======== DATA LISTING
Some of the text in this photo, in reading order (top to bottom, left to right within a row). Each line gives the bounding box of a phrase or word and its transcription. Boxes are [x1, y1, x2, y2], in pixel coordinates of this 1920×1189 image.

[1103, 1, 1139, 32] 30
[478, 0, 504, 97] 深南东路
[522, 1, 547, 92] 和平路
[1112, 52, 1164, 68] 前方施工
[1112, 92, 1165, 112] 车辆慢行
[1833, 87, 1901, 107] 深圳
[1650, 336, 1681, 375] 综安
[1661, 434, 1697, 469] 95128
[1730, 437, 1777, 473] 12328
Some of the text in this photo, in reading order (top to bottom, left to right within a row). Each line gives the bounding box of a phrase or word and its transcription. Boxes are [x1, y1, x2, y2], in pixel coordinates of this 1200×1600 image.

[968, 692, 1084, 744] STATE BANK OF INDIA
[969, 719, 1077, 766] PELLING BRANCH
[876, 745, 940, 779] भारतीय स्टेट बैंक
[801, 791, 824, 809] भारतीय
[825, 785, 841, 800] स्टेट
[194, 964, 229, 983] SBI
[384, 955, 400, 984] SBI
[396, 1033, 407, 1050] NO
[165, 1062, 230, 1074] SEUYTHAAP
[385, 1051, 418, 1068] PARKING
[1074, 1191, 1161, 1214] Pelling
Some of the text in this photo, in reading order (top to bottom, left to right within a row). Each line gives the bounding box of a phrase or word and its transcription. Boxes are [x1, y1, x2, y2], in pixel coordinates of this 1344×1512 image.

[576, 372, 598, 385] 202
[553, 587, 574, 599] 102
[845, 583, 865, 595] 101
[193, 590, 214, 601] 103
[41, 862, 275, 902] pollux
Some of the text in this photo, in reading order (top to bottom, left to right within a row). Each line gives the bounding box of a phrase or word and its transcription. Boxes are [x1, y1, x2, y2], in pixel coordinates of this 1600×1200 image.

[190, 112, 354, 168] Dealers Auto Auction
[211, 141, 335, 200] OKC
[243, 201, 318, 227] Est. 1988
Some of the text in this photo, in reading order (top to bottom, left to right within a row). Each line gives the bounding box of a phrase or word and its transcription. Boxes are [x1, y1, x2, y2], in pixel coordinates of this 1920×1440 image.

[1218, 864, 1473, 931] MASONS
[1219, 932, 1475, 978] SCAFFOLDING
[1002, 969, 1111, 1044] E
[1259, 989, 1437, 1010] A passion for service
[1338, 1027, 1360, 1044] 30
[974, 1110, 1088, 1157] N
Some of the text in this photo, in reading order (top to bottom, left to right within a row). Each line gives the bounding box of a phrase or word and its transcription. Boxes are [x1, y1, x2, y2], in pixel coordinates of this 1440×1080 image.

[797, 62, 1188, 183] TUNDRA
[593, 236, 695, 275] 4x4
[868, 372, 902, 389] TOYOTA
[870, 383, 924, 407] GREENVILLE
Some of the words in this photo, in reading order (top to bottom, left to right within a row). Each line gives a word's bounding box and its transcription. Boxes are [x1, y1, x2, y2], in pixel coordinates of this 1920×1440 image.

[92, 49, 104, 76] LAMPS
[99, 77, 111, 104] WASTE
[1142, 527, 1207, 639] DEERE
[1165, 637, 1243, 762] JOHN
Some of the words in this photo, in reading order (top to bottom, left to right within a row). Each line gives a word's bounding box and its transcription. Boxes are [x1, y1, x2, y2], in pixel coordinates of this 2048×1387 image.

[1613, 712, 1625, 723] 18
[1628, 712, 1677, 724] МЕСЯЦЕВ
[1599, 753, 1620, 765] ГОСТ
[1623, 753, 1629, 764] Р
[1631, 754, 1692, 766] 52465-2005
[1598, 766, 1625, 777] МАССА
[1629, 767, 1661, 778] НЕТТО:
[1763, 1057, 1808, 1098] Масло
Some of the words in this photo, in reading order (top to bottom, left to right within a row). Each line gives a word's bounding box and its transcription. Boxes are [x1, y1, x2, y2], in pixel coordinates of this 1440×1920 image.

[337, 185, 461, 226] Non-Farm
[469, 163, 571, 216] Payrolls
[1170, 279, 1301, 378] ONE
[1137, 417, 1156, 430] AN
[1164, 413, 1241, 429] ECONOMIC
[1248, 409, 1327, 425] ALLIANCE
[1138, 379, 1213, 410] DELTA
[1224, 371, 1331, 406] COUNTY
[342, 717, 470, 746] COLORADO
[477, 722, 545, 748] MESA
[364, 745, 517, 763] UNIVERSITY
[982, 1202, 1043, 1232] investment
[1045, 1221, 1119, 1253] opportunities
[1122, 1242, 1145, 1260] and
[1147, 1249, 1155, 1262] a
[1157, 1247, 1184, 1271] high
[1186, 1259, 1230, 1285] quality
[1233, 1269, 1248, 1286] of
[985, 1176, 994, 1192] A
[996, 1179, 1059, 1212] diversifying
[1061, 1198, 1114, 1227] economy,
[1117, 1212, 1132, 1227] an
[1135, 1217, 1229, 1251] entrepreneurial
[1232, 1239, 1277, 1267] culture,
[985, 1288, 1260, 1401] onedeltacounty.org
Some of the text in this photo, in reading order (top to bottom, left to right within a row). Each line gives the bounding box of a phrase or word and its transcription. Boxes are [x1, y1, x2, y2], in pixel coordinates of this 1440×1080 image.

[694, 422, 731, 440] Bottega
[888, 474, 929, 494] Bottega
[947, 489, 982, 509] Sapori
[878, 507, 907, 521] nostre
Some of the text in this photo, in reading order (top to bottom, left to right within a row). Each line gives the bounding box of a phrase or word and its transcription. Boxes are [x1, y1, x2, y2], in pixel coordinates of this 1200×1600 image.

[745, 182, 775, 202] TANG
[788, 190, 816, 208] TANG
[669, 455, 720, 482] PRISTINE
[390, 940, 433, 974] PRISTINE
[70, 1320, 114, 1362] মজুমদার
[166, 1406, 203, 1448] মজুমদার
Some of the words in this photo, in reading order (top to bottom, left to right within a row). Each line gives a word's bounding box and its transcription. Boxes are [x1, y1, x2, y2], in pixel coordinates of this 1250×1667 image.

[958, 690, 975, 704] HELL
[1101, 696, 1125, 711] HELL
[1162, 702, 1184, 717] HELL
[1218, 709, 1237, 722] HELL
================
WORK INSTRUCTION =>
Each record must be reproduced exactly. Keep every one.

ANSWER SPACE =>
Some of the text in this photo, in reading order (top to bottom, left to right within a row). Each line gives the bounding box of a phrase or word and its transcription. Boxes are [x1, y1, x2, y2], in pixel coordinates of this 1920×1189 image.

[1103, 1, 1139, 32] 30
[478, 0, 504, 97] 深南东路
[522, 1, 547, 92] 和平路
[1112, 52, 1164, 68] 前方施工
[1112, 92, 1165, 112] 车辆慢行
[1833, 87, 1901, 107] 深圳
[1650, 336, 1681, 375] 综安
[1661, 434, 1697, 469] 95128
[1730, 437, 1777, 473] 12328
Some of the text in this photo, in reading order (top to bottom, left to right within a row). Each line gives the bounding box of a phrase or word and its transcription. Boxes are [x1, y1, x2, y2], in pixel coordinates of this 1200×1600 image.

[968, 692, 1084, 744] STATE BANK OF INDIA
[969, 719, 1077, 766] PELLING BRANCH
[876, 745, 940, 779] भारतीय स्टेट बैंक
[801, 791, 824, 809] भारतीय
[825, 785, 841, 800] स्टेट
[194, 964, 229, 983] SBI
[384, 955, 400, 984] SBI
[396, 1033, 407, 1050] NO
[165, 1062, 230, 1074] SEUYTHAAP
[385, 1051, 418, 1068] PARKING
[1074, 1191, 1161, 1214] Pelling
Some of the text in this photo, in reading order (top to bottom, left to right within a row). Each line gives the bounding box of a phrase or word and its transcription. Boxes are [x1, y1, x2, y2], in pixel coordinates of this 1344×1512 image.

[576, 372, 598, 385] 202
[553, 587, 574, 599] 102
[845, 583, 865, 595] 101
[193, 590, 214, 601] 103
[41, 862, 275, 902] pollux
Some of the text in this photo, in reading order (top to bottom, left to right within a row). Each line gives the bounding box of a phrase or word and its transcription. Boxes are [x1, y1, x2, y2], in pixel coordinates of this 1600×1200 image.

[190, 112, 354, 168] Dealers Auto Auction
[211, 141, 335, 200] OKC
[243, 201, 318, 227] Est. 1988
Some of the text in this photo, in reading order (top to bottom, left to right within a row). Each line gives the bounding box of a phrase or word and its transcription. Boxes are [x1, y1, x2, y2], in pixel coordinates of this 1920×1440 image.

[1218, 864, 1473, 931] MASONS
[1219, 932, 1475, 978] SCAFFOLDING
[1002, 969, 1111, 1044] E
[1259, 989, 1437, 1010] A passion for service
[1338, 1027, 1360, 1044] 30
[974, 1110, 1088, 1157] N
Some of the text in this photo, in reading order (top to bottom, left to right within a row). Each line gives the bounding box of a phrase or word and its transcription. Boxes are [x1, y1, x2, y2], in pixel coordinates of this 1440×1080 image.

[797, 62, 1188, 183] TUNDRA
[593, 236, 695, 275] 4x4
[868, 372, 902, 389] TOYOTA
[870, 383, 924, 407] GREENVILLE
Some of the words in this photo, in reading order (top to bottom, left to right within a row). Each line gives a word's bounding box and its transcription. Boxes are [x1, y1, x2, y2], in pixel coordinates of this 1920×1440 image.

[92, 49, 104, 76] LAMPS
[99, 77, 111, 104] WASTE
[1142, 527, 1207, 639] DEERE
[1165, 637, 1243, 762] JOHN
Some of the words in this photo, in reading order (top to bottom, left to right within a row). Each line gives a word's bounding box and its transcription. Boxes are [x1, y1, x2, y2], in pixel coordinates of this 2048×1387 image.

[1613, 712, 1625, 723] 18
[1628, 712, 1677, 724] МЕСЯЦЕВ
[1599, 753, 1620, 765] ГОСТ
[1623, 753, 1629, 764] Р
[1631, 754, 1692, 766] 52465-2005
[1598, 766, 1625, 777] МАССА
[1629, 767, 1661, 778] НЕТТО:
[1763, 1057, 1808, 1098] Масло
Some of the words in this photo, in reading order (top to bottom, left to right within a row). Each line gives a word's bounding box and its transcription. Boxes are [x1, y1, x2, y2], in pixel coordinates of this 1440×1920 image.

[337, 185, 461, 226] Non-Farm
[469, 163, 571, 216] Payrolls
[1170, 279, 1301, 378] ONE
[1137, 417, 1156, 430] AN
[1164, 413, 1241, 429] ECONOMIC
[1248, 409, 1327, 425] ALLIANCE
[1138, 379, 1213, 410] DELTA
[1224, 371, 1331, 406] COUNTY
[342, 717, 470, 746] COLORADO
[477, 722, 545, 748] MESA
[364, 745, 517, 763] UNIVERSITY
[982, 1202, 1043, 1232] investment
[1045, 1221, 1119, 1253] opportunities
[1122, 1242, 1145, 1260] and
[1147, 1249, 1155, 1262] a
[1157, 1247, 1184, 1271] high
[1186, 1259, 1230, 1285] quality
[1233, 1269, 1248, 1286] of
[985, 1176, 994, 1192] A
[996, 1179, 1059, 1212] diversifying
[1061, 1198, 1114, 1227] economy,
[1117, 1212, 1132, 1227] an
[1135, 1217, 1229, 1251] entrepreneurial
[1232, 1239, 1277, 1267] culture,
[985, 1288, 1260, 1401] onedeltacounty.org
Some of the text in this photo, in reading order (top to bottom, left to right within a row). Each line gives the bounding box of a phrase or word and its transcription. Boxes are [x1, y1, x2, y2], in pixel coordinates of this 1440×1080 image.

[694, 422, 731, 440] Bottega
[888, 474, 929, 494] Bottega
[947, 489, 982, 509] Sapori
[878, 507, 907, 521] nostre
Some of the text in this photo, in reading order (top to bottom, left to right within a row). Each line gives the bounding box of a phrase or word and its transcription. Boxes are [x1, y1, x2, y2], in pixel coordinates of this 1200×1600 image.

[745, 182, 775, 202] TANG
[788, 190, 816, 208] TANG
[669, 455, 720, 482] PRISTINE
[390, 940, 433, 974] PRISTINE
[70, 1320, 114, 1362] মজুমদার
[166, 1406, 203, 1448] মজুমদার
Some of the words in this photo, in reading order (top to bottom, left to right within a row). Each line gives a word's bounding box and its transcription. Boxes are [x1, y1, x2, y2], in pixel coordinates of this 1250×1667 image.

[958, 690, 975, 704] HELL
[1101, 696, 1125, 711] HELL
[1162, 702, 1184, 717] HELL
[1218, 709, 1237, 722] HELL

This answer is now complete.